Conclusione dalla distanza di Antognoni che si stampa sul palo. Sulla mischia successiva, Pagliari colpisce in maniera non perfetta, ma trova la rete. Non è passato nemmeno un minuto. Questo è il benvenuto che il Toro riceve a Firenze il tre febbraio del 1980 e la gara prosegue sulla falsa riga di troppe prestazioni di quel sin lì maledetto 79/80: occasioni sprecate, rigori invocati e poi, quando Menegali ce ne concede uno, anche Graziani stecca facendosi parare il tiro dal dischetto. Siamo quartultimi (però a quattro punti dal Milan secondo: la classifica è cortissima), posizione indubbiamente bugiarda in una classica stagione in cui gira tutto storto fra infortuni e pali nel momento sbagliato, ma la realtà è quella ed è allora che si concretizza ciò che, poco tempo prima, sembrava impossibile. Gigi Radice viene esonerato.
Culto
Le fatiche di Ercole parte 1
Pianelli compie la scelta a malincuore. Il Presidente racconterà che, quando aveva anticipato la decisione alla sua famiglia, questa era scoppiata in lacrime. I giocatori stessi si dicono molto dispiaciuti della soluzione, mentre Radice, rattristato e signorile al tempo stesso, non polemizza, ma dichiara amaro “Io sono triste per come è finita. Pensavo di essere uno di loro, loro tra virgolette, pensavo si potesse soffrire insieme fino alla fine. È questo l’unico rimpianto.” Quattro stagioni e mezza, uno scudetto, un secondo posto che grida vendetta, tanto bel gioco: finisce così (per ora).

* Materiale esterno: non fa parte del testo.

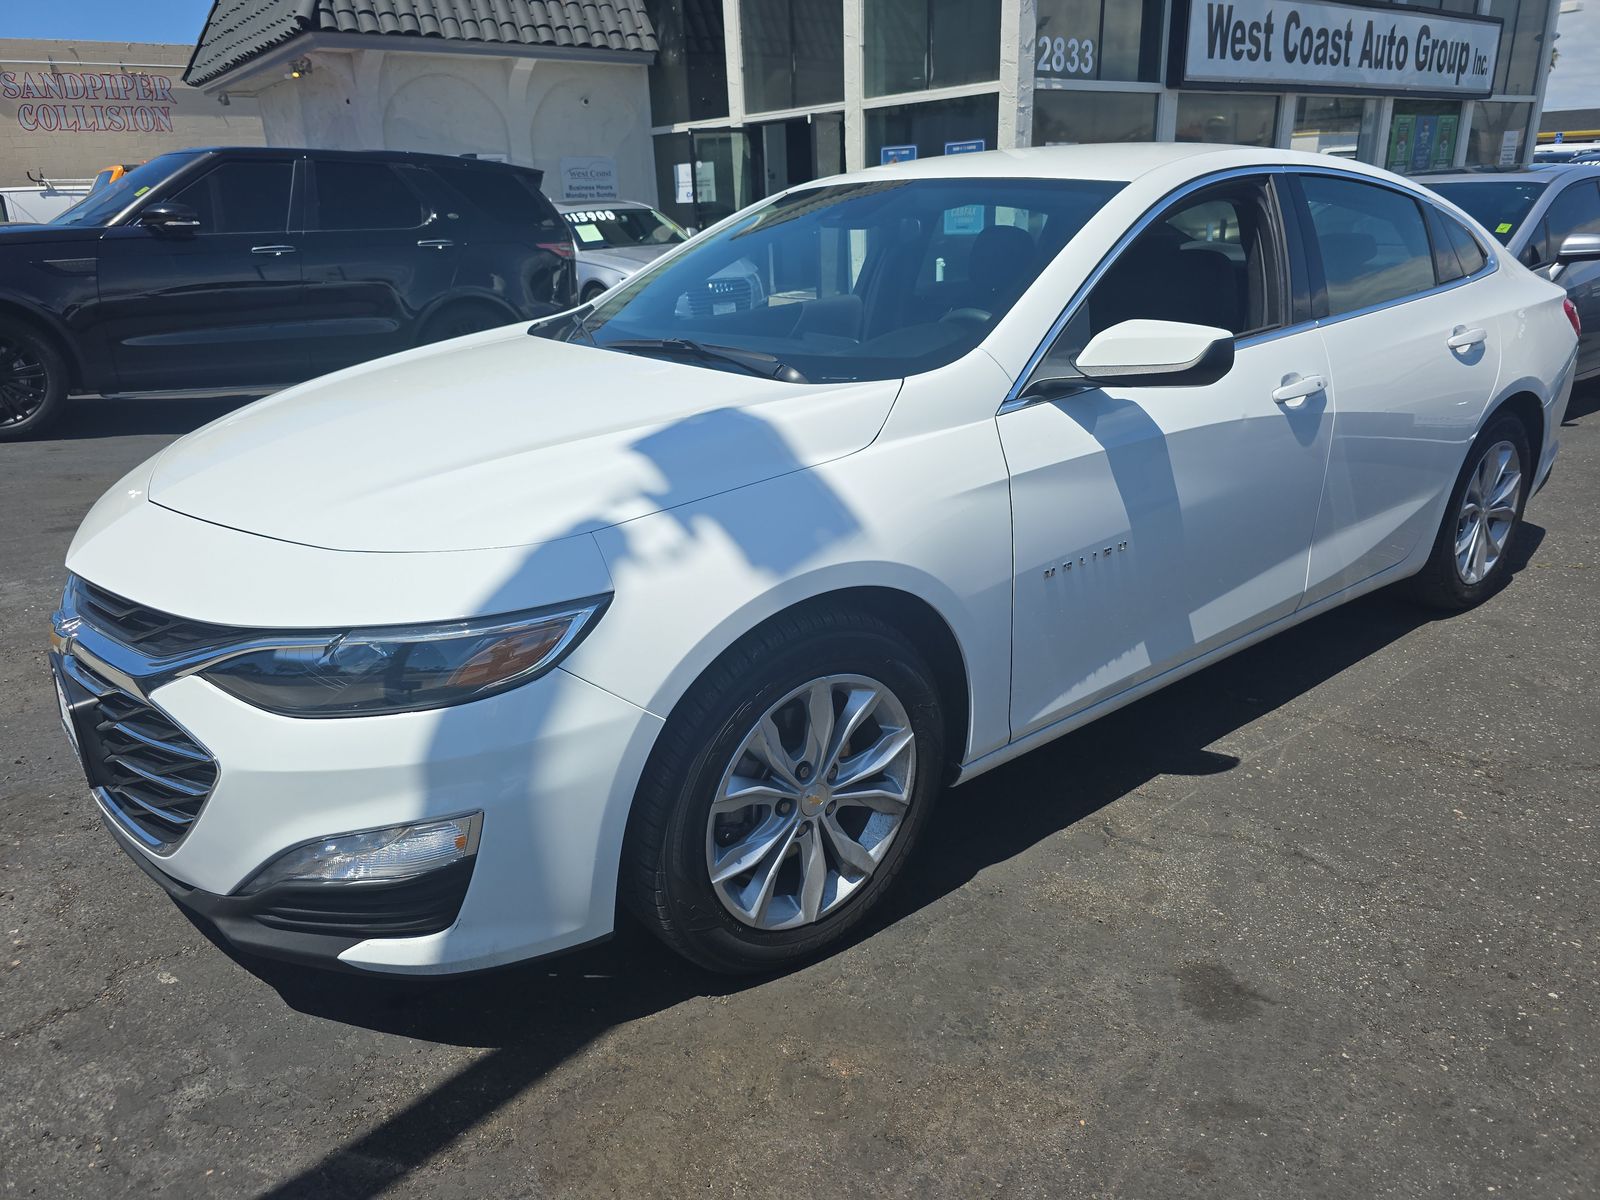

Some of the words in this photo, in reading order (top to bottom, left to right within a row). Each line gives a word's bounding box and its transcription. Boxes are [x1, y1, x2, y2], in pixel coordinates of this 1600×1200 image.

Il posto di Gigi viene preso da Ercole Rabitti. Oggi l’espressione “Maestro di Calcio” è abusata, affibbiata spesso a caso o con intento canzonatorio, ma Rabitti lo era sul serio. Dossena racconta che, quando ha iniziato la carriera di allenatore, il tecnico torinese gli aveva donato uno dei suoi quaderni scritti a mano, una sorta di manuale con esercizi e suggerimenti tattici, una miniera per chi volesse iniziare la carriera in panchina. Ercole ha cominciato il suo percorso allenando il settore giovanile della Juventus prima di cambiare sponda del Po facendo un lavoro enorme coi giovani granata. C’è un fattore che può far ben sperare: nell’unica esperienza con la prima squadra bianconera rilevò la compagine al terzultimo posto per portarla fino al terzo, arrendendosi al Cagliari nella lotta scudetto. Vediamo se può portarci da quartultimi a quarti nelle undici gare rimanenti più Coppa Italia dove siamo in semifinale proprio contro la Juventus.
Rabitti conosce la difficoltà della sfida che lo attende, ma cerca di spargere ottimismo convinto del valore della squadra e consapevole che basterebbe un risultato positivo contro la Roma per sbloccarsi e ripartire, considerando il valore dei giocatori, alcuni dei quali, con poca diplomazia, criticano la società per la cacciata del precedente tecnico. Non sembra il più incoraggiante degli inizi, ma, a poco a poco, le cose cambieranno e per i colori granata sembra arrivare una nuova primavera, di pari passo con l’inverno meteorologico che sta per finire.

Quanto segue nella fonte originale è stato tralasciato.